The mid-point $P$ of the line segment joining the points $A (-10, 4)$ and $B (-2, 0)$ lies on the line segment joining the points $C (-9, -4)$ and $D (-4, y)$. Find the ratio in which $P$ divides $CD$. Also, find the value of $y$.

Given:

The mid-point $P$ of the line segment joining the points $A (-10, 4)$ and $B (-2, 0)$ lies on the line segment joining the points $C (-9, -4)$ and $D (-4, y)$.

To do:

We have to find the ratio in which $P$ divides $CD$ and the value of $y$.

Solution:

Let \( P \) divides \( C(9,-4) \) and \( D(-4, y) \) in the ratio \( m: n \)
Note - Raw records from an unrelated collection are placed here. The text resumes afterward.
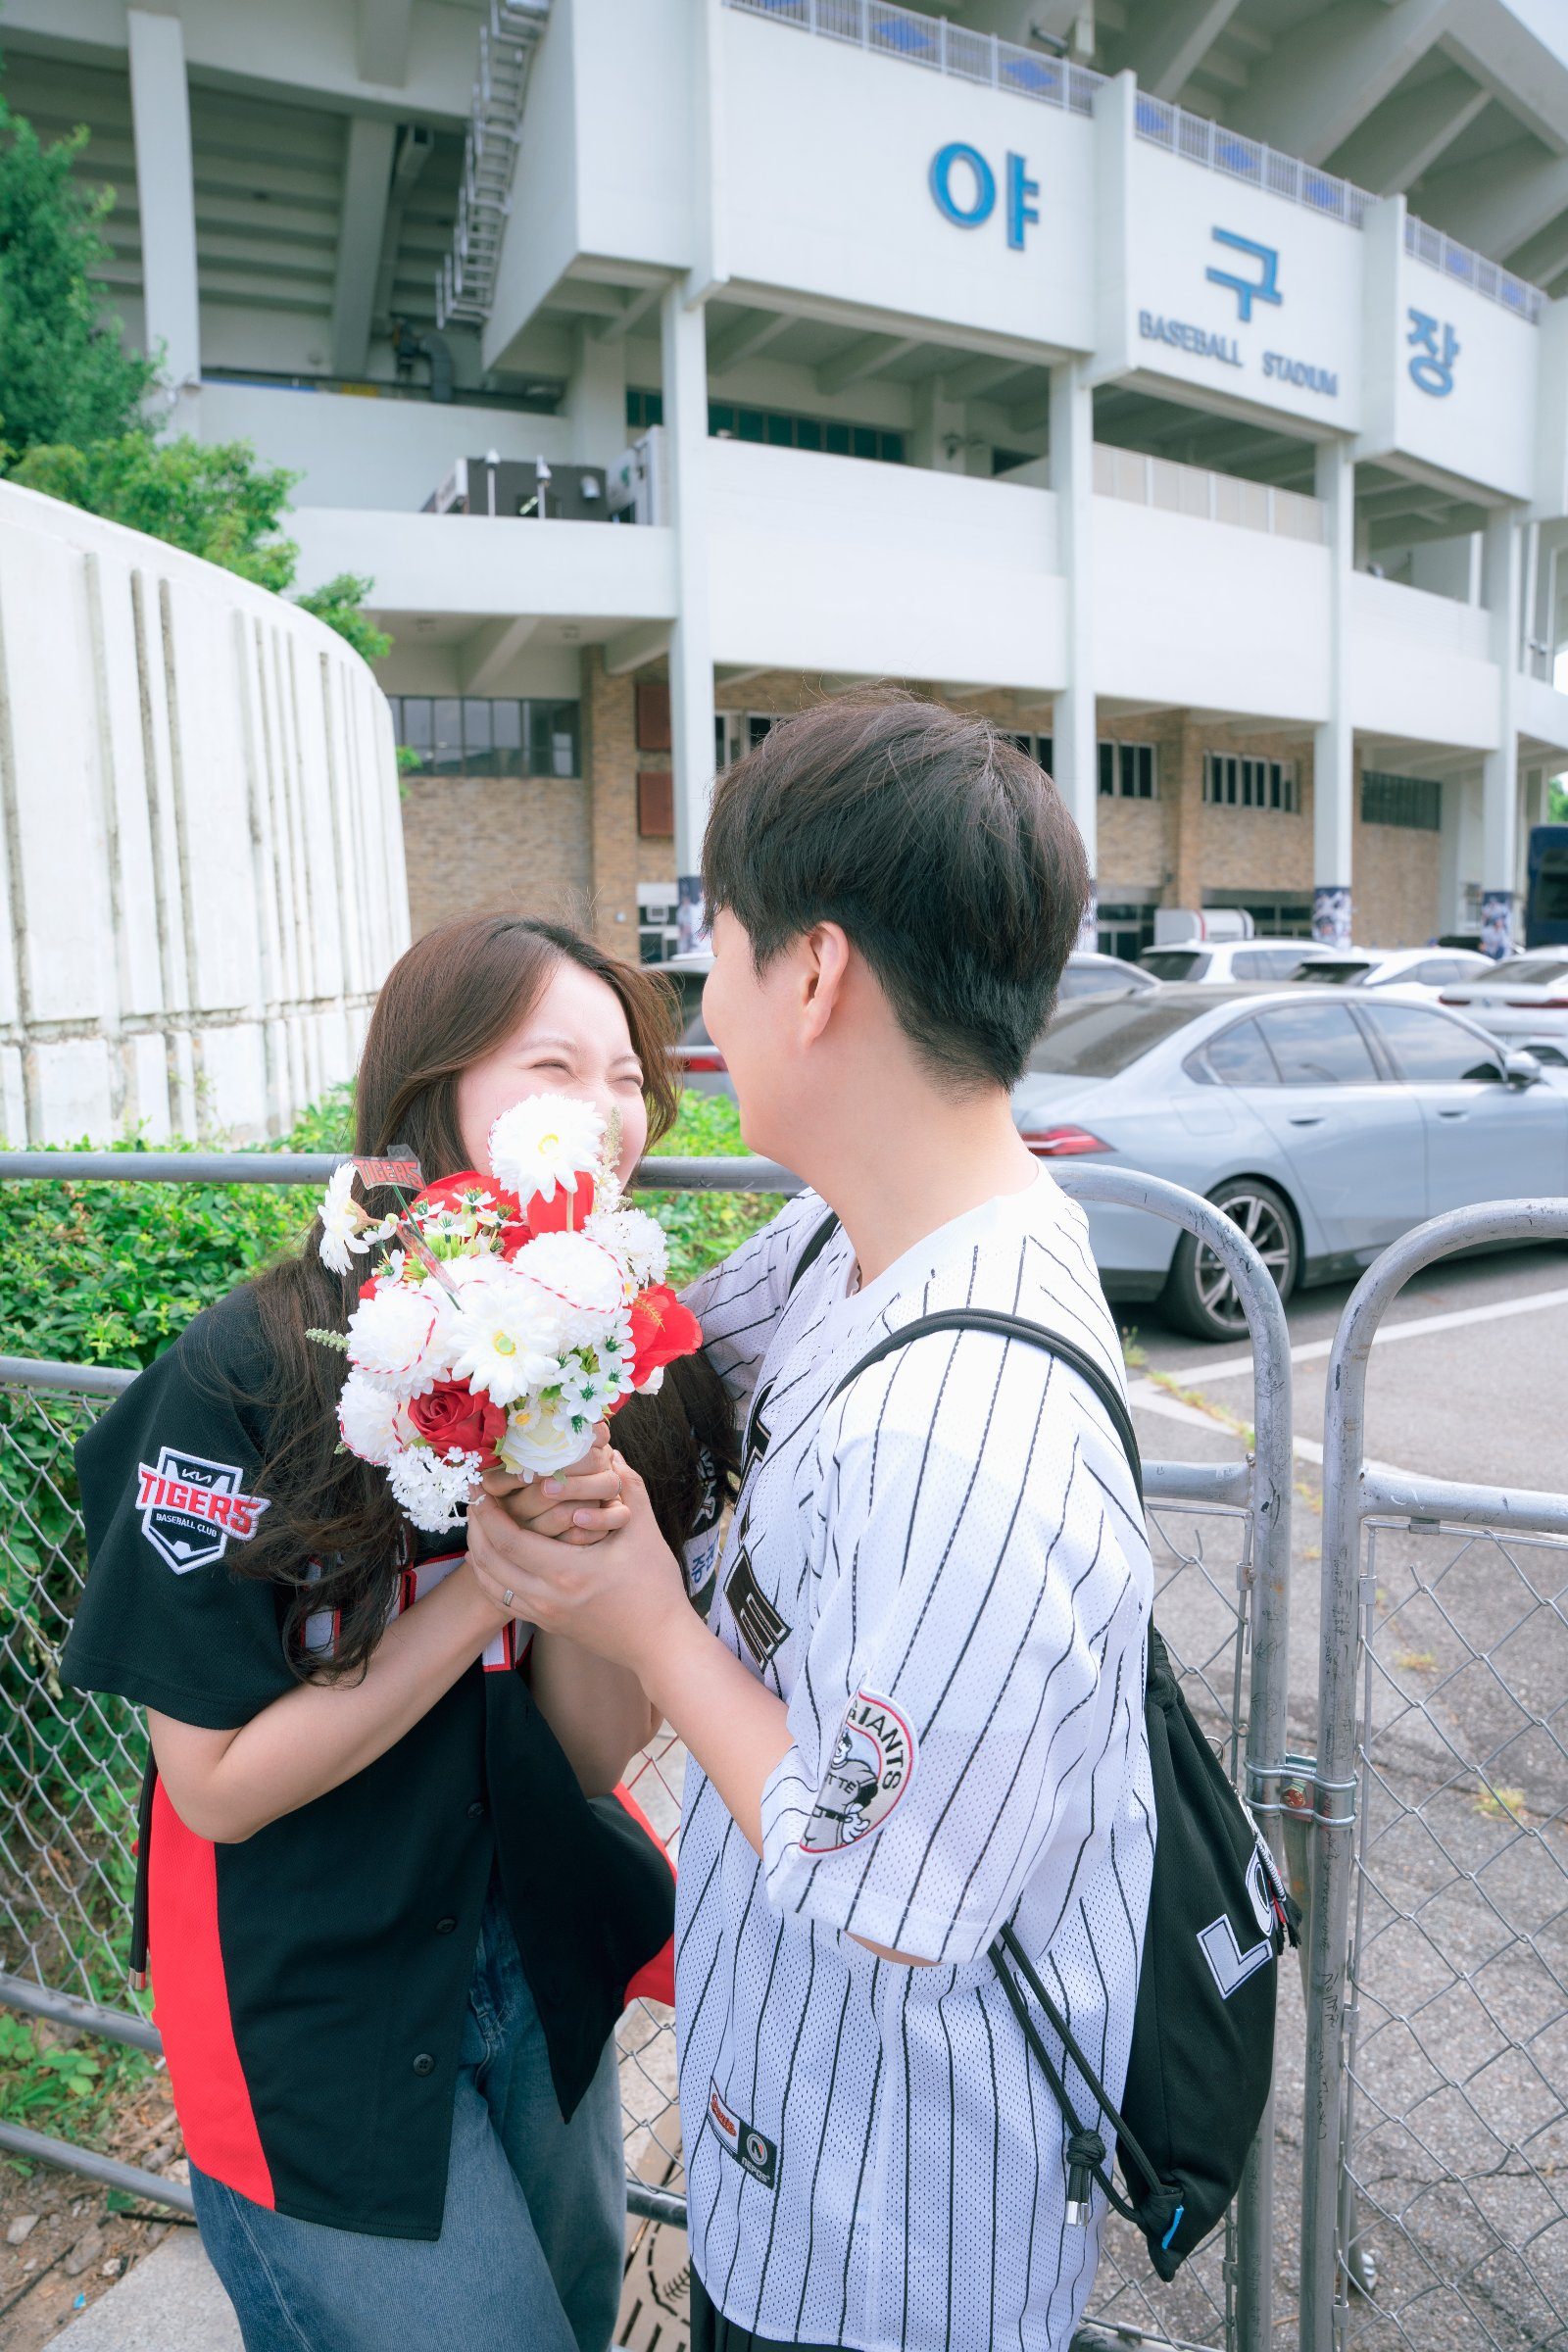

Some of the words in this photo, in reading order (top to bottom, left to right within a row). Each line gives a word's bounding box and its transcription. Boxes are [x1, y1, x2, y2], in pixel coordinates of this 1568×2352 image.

[1139, 310, 1243, 368] BASEBALL
[1262, 350, 1339, 397] STADIUM
[351, 1159, 425, 1192] TIGERS
[141, 1470, 261, 1535] TIGERS
[156, 1512, 196, 1530] BASEBALL
[197, 1523, 217, 1538] CLUB
P is the mid-point of the line segment joining the points $A (-10, 4)$ and $B (-2, 0)$

This implies,

\( P=\left(\frac{x_{1}+x_{2}}{2}, \frac{y_{1}+y_{2}}{2}\right) \)
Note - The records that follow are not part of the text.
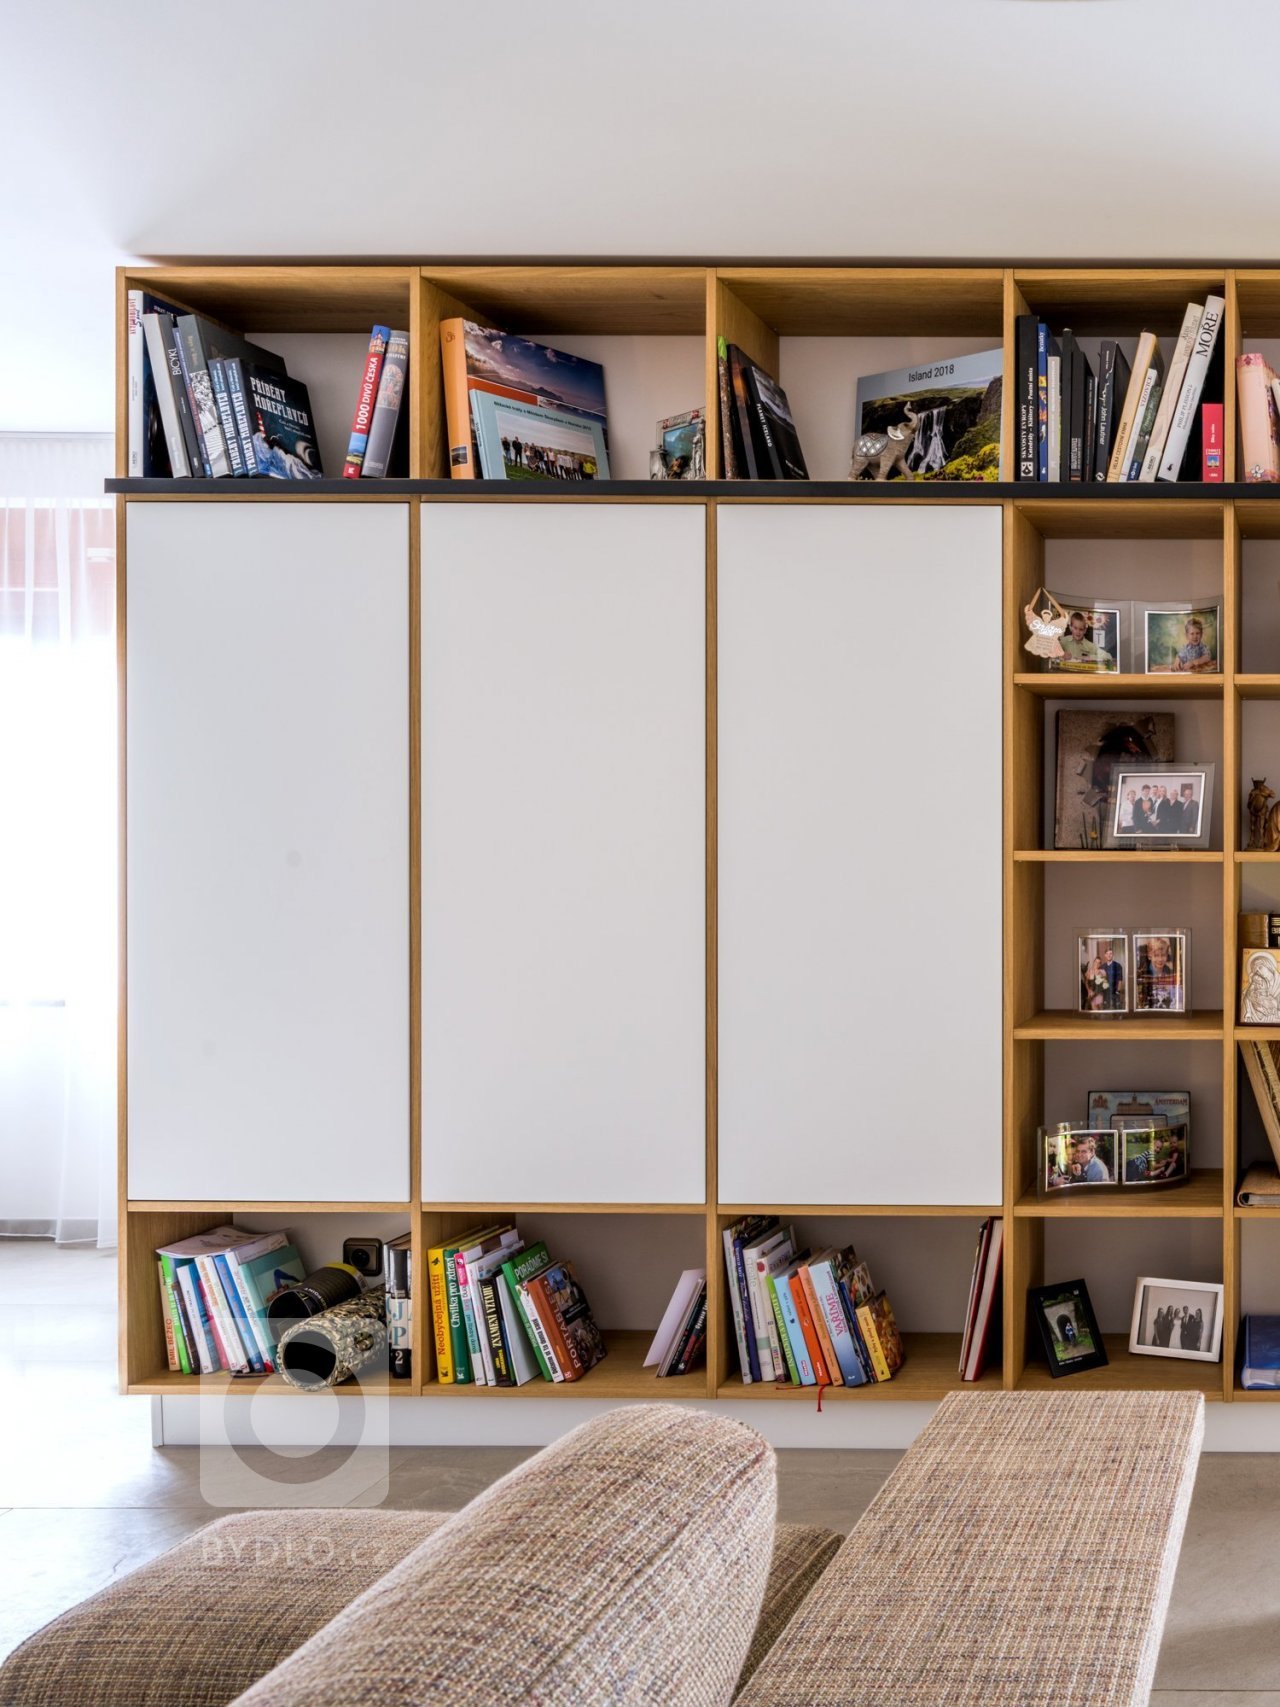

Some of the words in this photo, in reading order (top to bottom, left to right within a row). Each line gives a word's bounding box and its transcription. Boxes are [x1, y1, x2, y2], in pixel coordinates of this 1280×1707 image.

[1196, 312, 1219, 358] MOŘE
[908, 369, 932, 382] Island
[934, 364, 955, 378] 2018
[250, 376, 287, 403] PŘÍBĚHY
[356, 404, 370, 430] 1000
[366, 357, 378, 382] ČESKA
[1140, 376, 1153, 408] VIZOVICE
[216, 392, 235, 438] MOŘEPLAVCŮ
[231, 391, 250, 438] MOŘEPLAVCŮ
[253, 393, 308, 426] MOŘEPLAVCŮ
[757, 403, 766, 423] PLANET
[762, 424, 773, 447] ICELAND
[1099, 422, 1107, 445] Lautner
[227, 439, 242, 469] PŘÍBĚHY
[243, 438, 256, 469] PŘÍBĚHY
[445, 1256, 455, 1281] zdraví
[514, 1255, 541, 1281] PORAĎME
[432, 1274, 441, 1296] užití
[448, 1281, 461, 1296] pro
[482, 1285, 496, 1313] VZTAHŮ
[433, 1298, 446, 1355] Neobyčejná
[449, 1296, 461, 1328] Chvilka
[826, 1293, 844, 1336] VAŘÍME
[165, 1318, 175, 1345] BĚŽEC
[488, 1314, 502, 1348] ZNAMENÍ
[537, 1330, 546, 1345] doma
[545, 1286, 581, 1369] PORTABLES
[169, 1347, 177, 1366] EMIL
[395, 1351, 404, 1364] 2
\( =\left(\frac{-10-2}{2}, \frac{4+0}{2}\right) \)

\( =\left(\frac{-12}{2}, \frac{4}{2}\right) \)
\( =(-6,2) \)
P lies on CD.

Using the section formula, if a point $( x,\ y)$ divides the line joining the points

$( x_1,\ y_1)$ and $( x_2,\ y_2)$ in the ratio $m:n$, then 

$(x,\ y)=( \frac{mx_2+nx_1}{m+n},\ \frac{my_2+ny_1}{m+n})$

This implies,

\( (-6,2)=(\frac{m(-4)+n(-9)}{m+n},\frac{3 \times y+2 \times(-4)}{3+2}) \)

On comparing, we get,

\( -6=\frac{m(-4)+n(-9)}{m+n} \)

\( \Rightarrow -6 m-6n=-4 m-9n \)

\( \Rightarrow -6 m+4 m=-9n+6n \)

\( \Rightarrow -2 m=-3 n \)

\( \Rightarrow  \frac{m}{n}=\frac{-3}{-2} \)

\( =\frac{3}{2} \)

\( 2=\frac{3 \times y+2 \times(-4)}{3+2} \)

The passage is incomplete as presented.